(Task item)
The entries below are to be returned as written, with all pictures dropped.

#### Records supplied ####

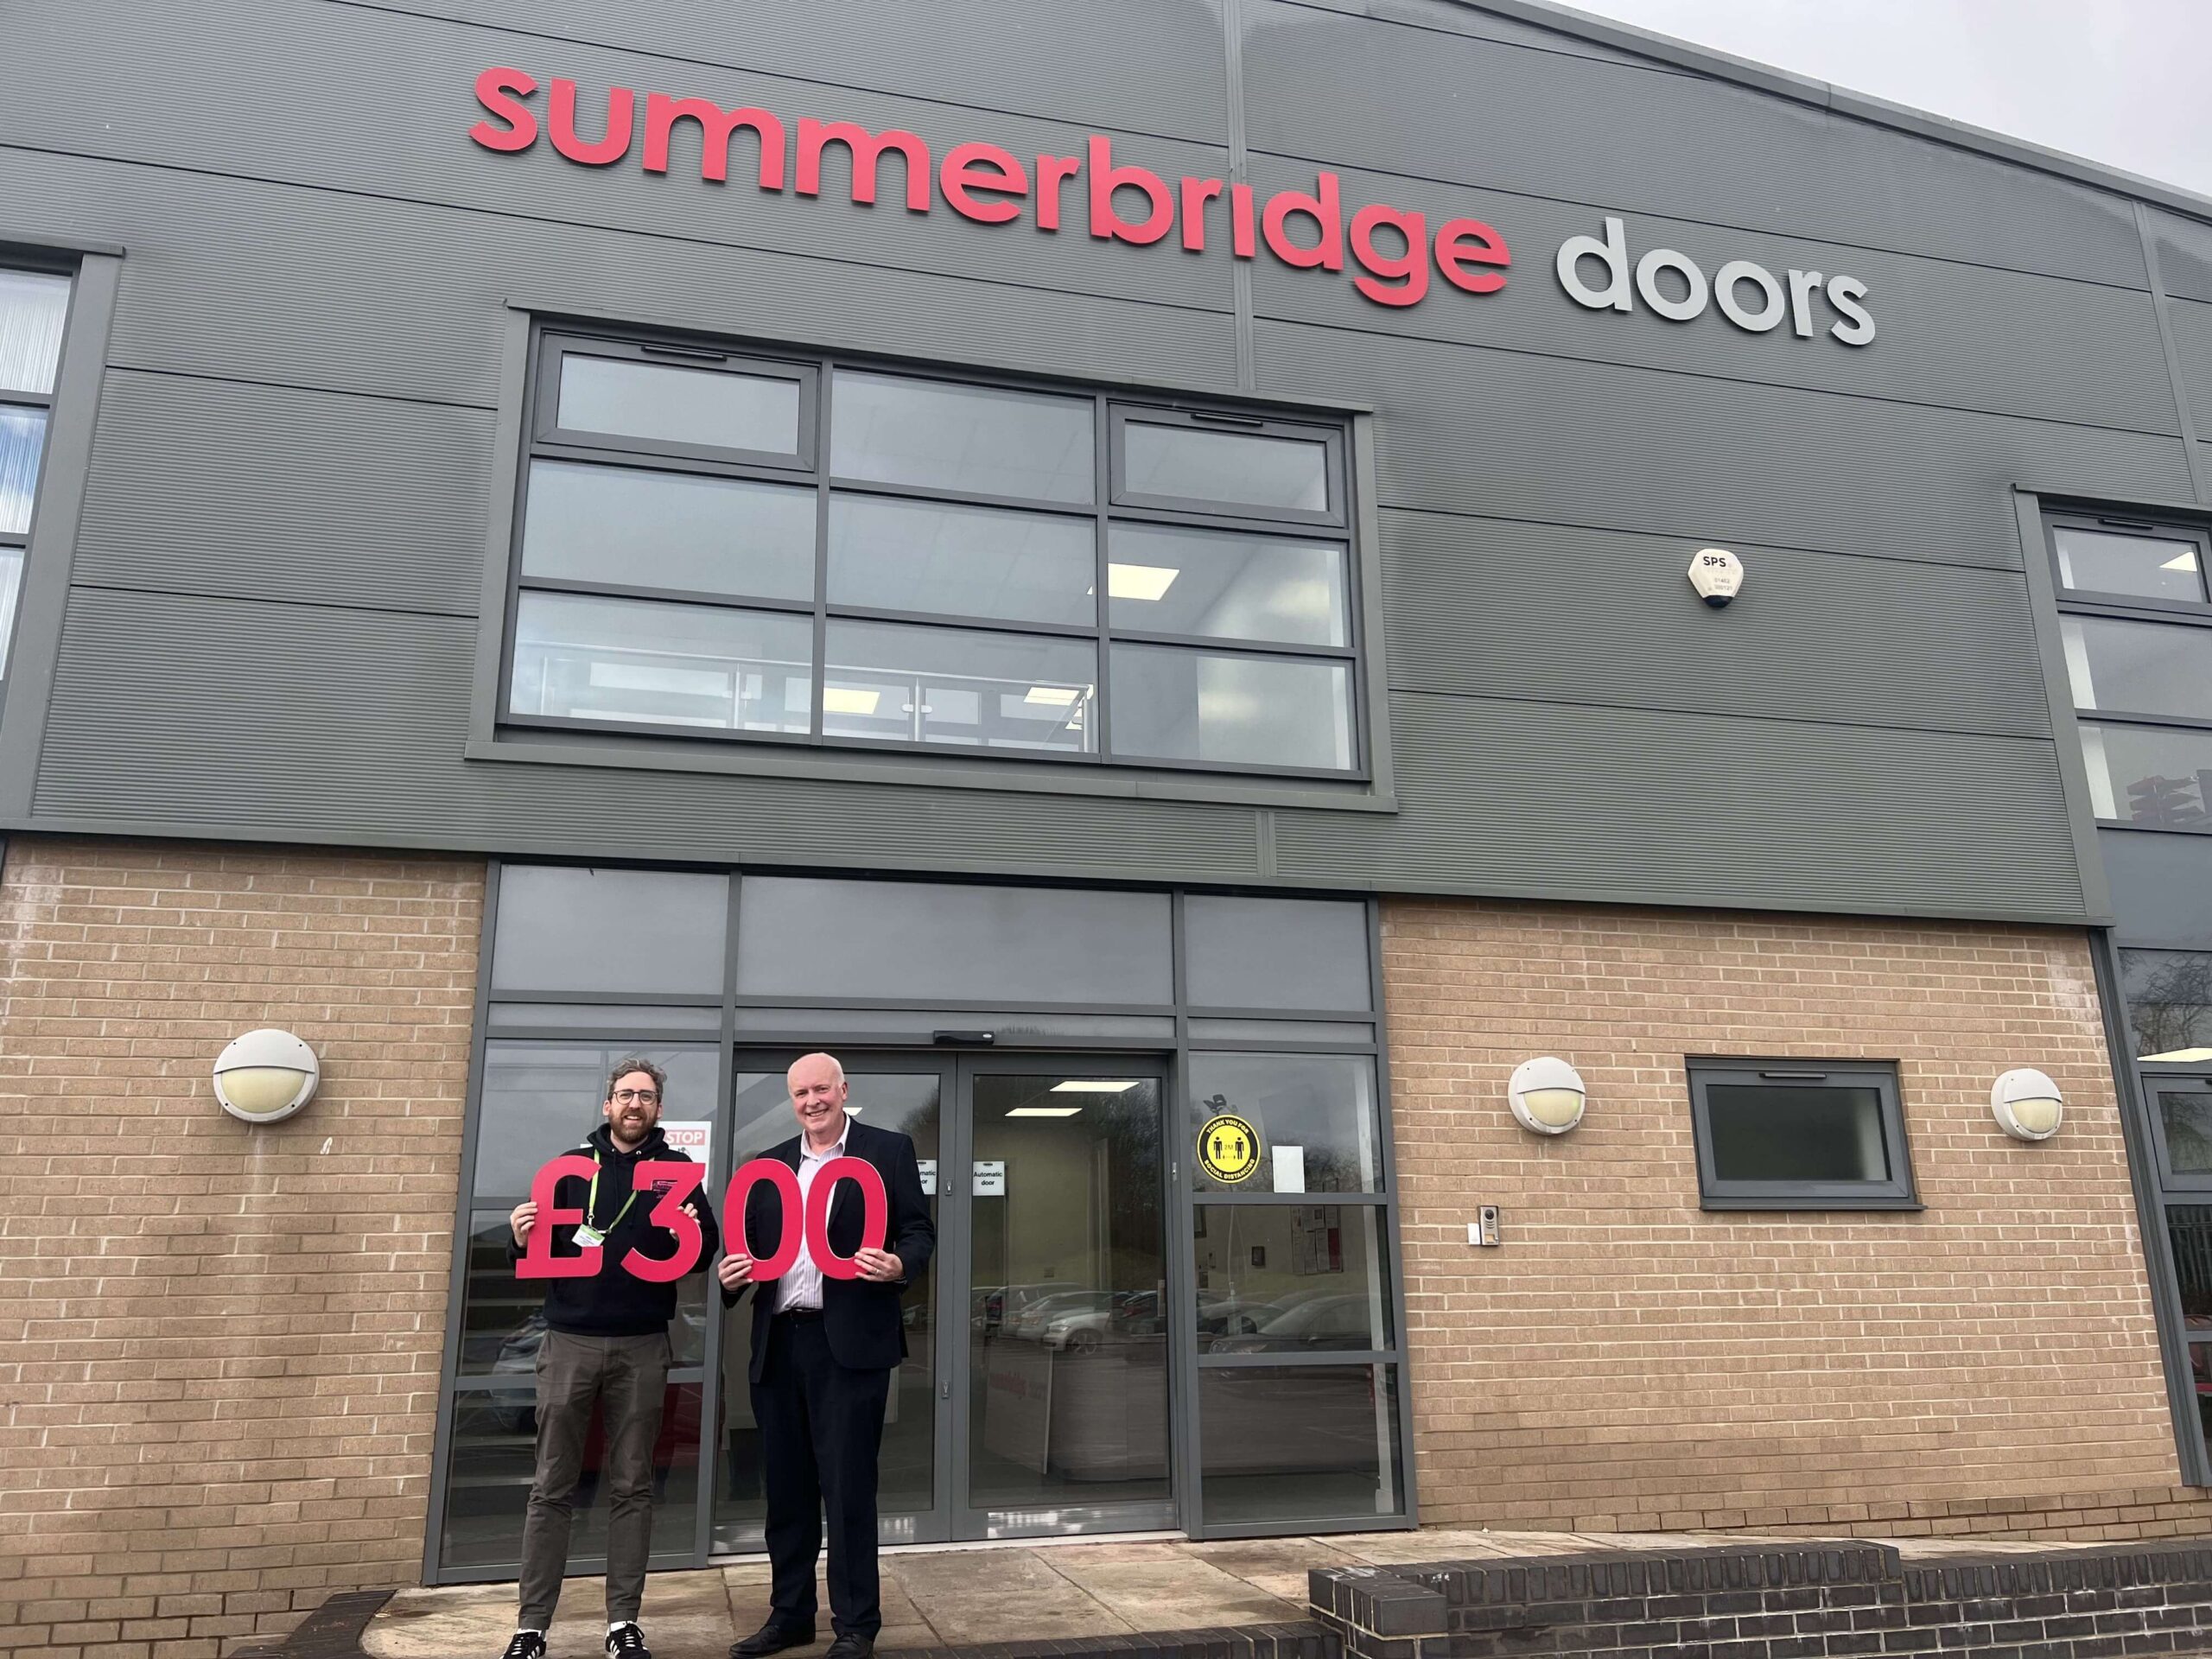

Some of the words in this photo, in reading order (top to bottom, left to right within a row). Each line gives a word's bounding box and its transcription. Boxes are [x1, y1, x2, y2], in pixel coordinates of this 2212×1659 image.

[469, 67, 1511, 306] summerbridge
[1556, 217, 1876, 346] doors
[1703, 556, 1726, 567] SPS
[1206, 1120, 1224, 1134] THANK
[1238, 1123, 1249, 1134] FOR
[666, 1131, 703, 1144] STOP
[1205, 1160, 1224, 1178] SOCIAL
[1224, 1159, 1255, 1179] DISTANCING

####

(Answer to the problem)
Some of the words in this photo, in reading order (top to bottom, left to right within a row). Each line gives a word's bounding box and its transcription. Boxes are [x1, y1, x2, y2], in pixel coordinates of this 2212×1659 image.

[469, 67, 1511, 306] summerbridge
[1556, 217, 1876, 346] doors
[1703, 556, 1726, 567] SPS
[1206, 1120, 1224, 1134] THANK
[1238, 1123, 1249, 1134] FOR
[666, 1131, 703, 1144] STOP
[1205, 1160, 1224, 1178] SOCIAL
[1224, 1159, 1255, 1179] DISTANCING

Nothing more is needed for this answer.